Clark v. Bank of Am., N.A.

Decision Date22 September 2021
Docket NumberCivil Case No. SAG-18-3672
Citation561 F.Supp.3d 542
Parties Cynthia CLARK, Plaintiffs, v. BANK OF AMERICA, N.A., Defendant.
CourtU.S. District Court — District of Maryland

Anna Claire Haac, Katherine Aizpuru, Matthew Lanahan, Pro Hac Vice, Hassan A. Zavareei, Tycko & Zavareei, LLP, Washington, DC, Bradley F. Silverman, Pro Hac Vice, Todd S. Garber, Pro Hac Vice, Finkelstein Blankinship Frei-Pearson and Garber LLP, White Plains, NY, Daniel Tropin, Pro Hac Vice, Jonathan Streisfeld, Pro Hac Vice, Kopelowitz Ostrow PA, Ft. Lauderdale, FL, Jeffrey Goldenberg, Goldenberg Schneider LPA, Cincinnati, OH, for Plaintiffs.

Andrew Soukup, Pro Hac Vice, Jeffrey Huberman, Pro Hac Vice, Mark W. Mosier, Pro Hac Vice, Covington and Burling LLP, David L. Permut, Thomas M. Hefferon, Tierney Smith, Goodwin Procter LLP, Washington, DC, for Defendant.

MEMORANDUM OPINION

Stephanie A. Gallagher, United States District Judge

Cynthia Clark ("Plaintiff") filed a Complaint on behalf of herself and a putative class of borrowers who entered into mortgage agreements with Bank of America ("BofA"), alleging, inter alia , that BofA is liable for failure to pay interest on escrow accounts established in connection with such agreements. Pending before this Court is BofA's Motion for Summary Judgment, ECF 105. The issues have been fully briefed, ECF 108, 122, 127, and no hearing is necessary. See Loc. R. 105.6 (D. Md. 2021). For the reasons stated below, BofA's Motion for Summary Judgment will be granted.1

I. FACTUAL BACKGROUND

The facts described herein are viewed in the light most favorable to the Plaintiff as the non-moving party.
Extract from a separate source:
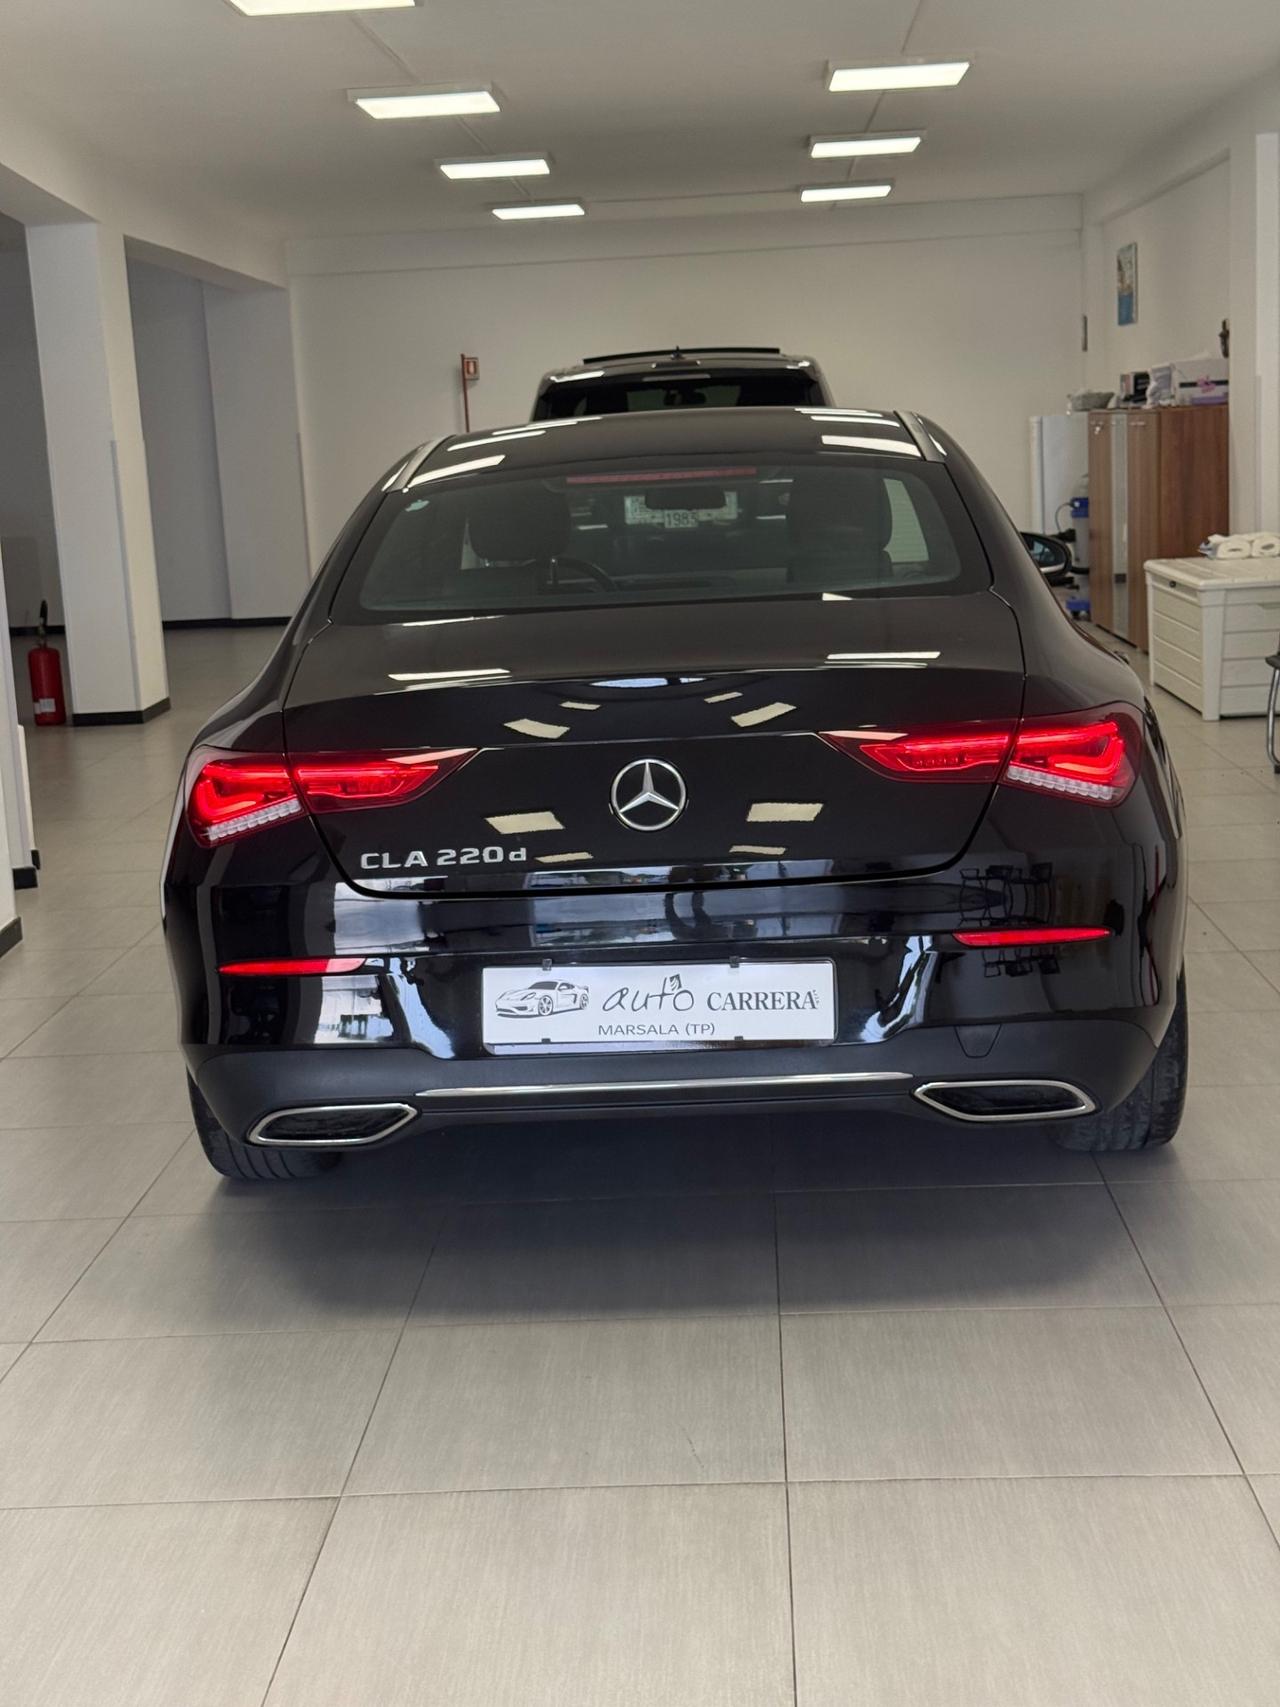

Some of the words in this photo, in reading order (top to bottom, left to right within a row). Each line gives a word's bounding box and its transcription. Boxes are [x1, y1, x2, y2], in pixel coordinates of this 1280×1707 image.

In or about August, 1995, Plaintiff purchased a house in Westminster, Maryland. ECF 1 ¶ 27. Although Plaintiff originally financed her purchase with a loan from a different company, she refinanced her mortgage in 2005 with BofA as her new lender. ECF 105 at 3. When she did so, BofA established an escrow account on Plaintiff's behalf. ECF 105-3 at 55:21-56:14 (Ex. 1, Clark Dep.). These escrow accounts are commonly used by mortgage lenders such as BofA "to require that part of the borrower's monthly payments be set aside to make tax and insurance payments on the borrower's behalf." ECF 105 at 2 (citing H.R. Rep. No. 111-94, at 53 (2009)). At closing, Plaintiff signed an "Escrow Reserve Account or Waiver Agreement," which stated that Plaintiff would receive interest on her escrow account. ECF 105-4 (Ex. 2). Consistent with these representations, BofA paid Plaintiff interest on the escrowed funds. BofA provided periodic statements that reflected the accrual of interest to Plaintiff's escrow account. ECF 105-7 (Ex. 5). These interest payments were consistent with Maryland law, which requires lending institutions to pay specified amounts of interest on escrow account funds established in connection with a loan secured by residential first mortgages or first deeds of trust. Md. Com. Law Code § 12-109.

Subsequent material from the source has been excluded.